ACTIVITY: Would you copy every record exactly as it stands and drop the pictures?

[Images for object localization]
=== Begin Enclosure ===
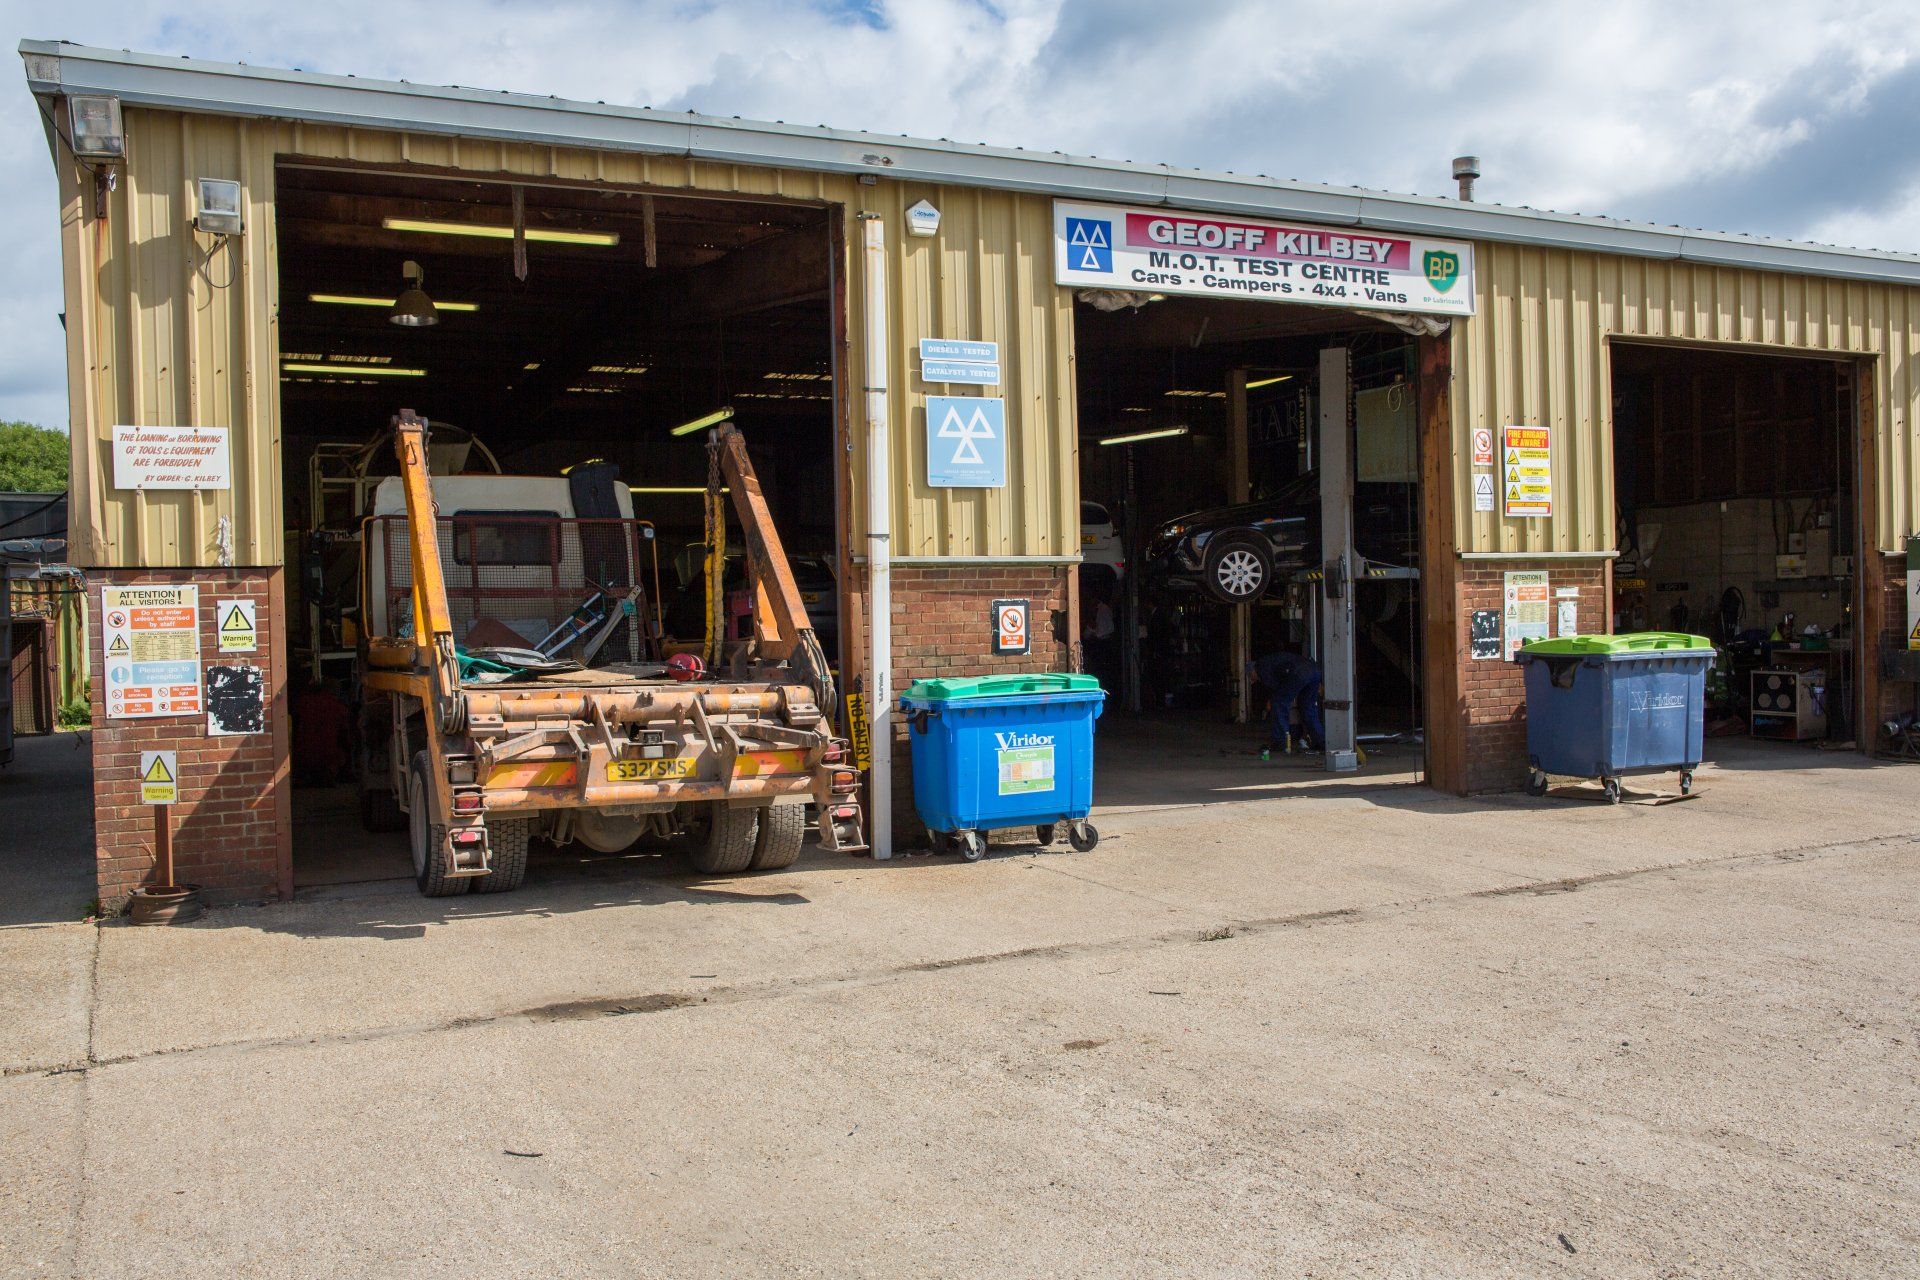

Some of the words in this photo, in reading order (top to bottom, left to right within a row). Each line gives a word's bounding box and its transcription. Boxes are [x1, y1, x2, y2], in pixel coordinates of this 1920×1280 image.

[1148, 220, 1265, 250] GEOFF
[1276, 232, 1392, 264] KILBEY
[1150, 252, 1224, 272] M.O.T.
[1234, 258, 1292, 277] TEST
[1302, 263, 1390, 286] CENTRE
[1429, 257, 1455, 280] BP
[1132, 269, 1182, 285] Cars
[1202, 274, 1292, 294] Campers
[1312, 284, 1346, 297] 4x4
[1365, 288, 1407, 304] Vans
[926, 368, 966, 376] CATALYSTS
[120, 433, 135, 442] THE
[136, 434, 168, 442] LOANING
[177, 434, 221, 443] BORROWING
[1508, 430, 1522, 438] FIRE
[1522, 430, 1547, 439] BRIGADE
[1520, 439, 1541, 447] AWARE
[126, 446, 136, 454] OF
[139, 446, 163, 454] TOOLS
[170, 446, 216, 455] EQUIPMENT
[994, 732, 1055, 752] Viridor
[618, 762, 652, 777] S321
[657, 760, 686, 776] SMS
=== End Enclosure ===
RESPONSE TO THE TASK:
Some of the words in this photo, in reading order (top to bottom, left to right within a row). Each line gives a word's bounding box and its transcription. Boxes are [x1, y1, x2, y2], in pixel coordinates of this 1920×1280 image.

[1148, 220, 1265, 250] GEOFF
[1276, 232, 1392, 264] KILBEY
[1150, 252, 1224, 272] M.O.T.
[1234, 258, 1292, 277] TEST
[1302, 263, 1390, 286] CENTRE
[1429, 257, 1455, 280] BP
[1132, 269, 1182, 285] Cars
[1202, 274, 1292, 294] Campers
[1312, 284, 1346, 297] 4x4
[1365, 288, 1407, 304] Vans
[926, 368, 966, 376] CATALYSTS
[120, 433, 135, 442] THE
[136, 434, 168, 442] LOANING
[177, 434, 221, 443] BORROWING
[1508, 430, 1522, 438] FIRE
[1522, 430, 1547, 439] BRIGADE
[1520, 439, 1541, 447] AWARE
[126, 446, 136, 454] OF
[139, 446, 163, 454] TOOLS
[170, 446, 216, 455] EQUIPMENT
[994, 732, 1055, 752] Viridor
[618, 762, 652, 777] S321
[657, 760, 686, 776] SMS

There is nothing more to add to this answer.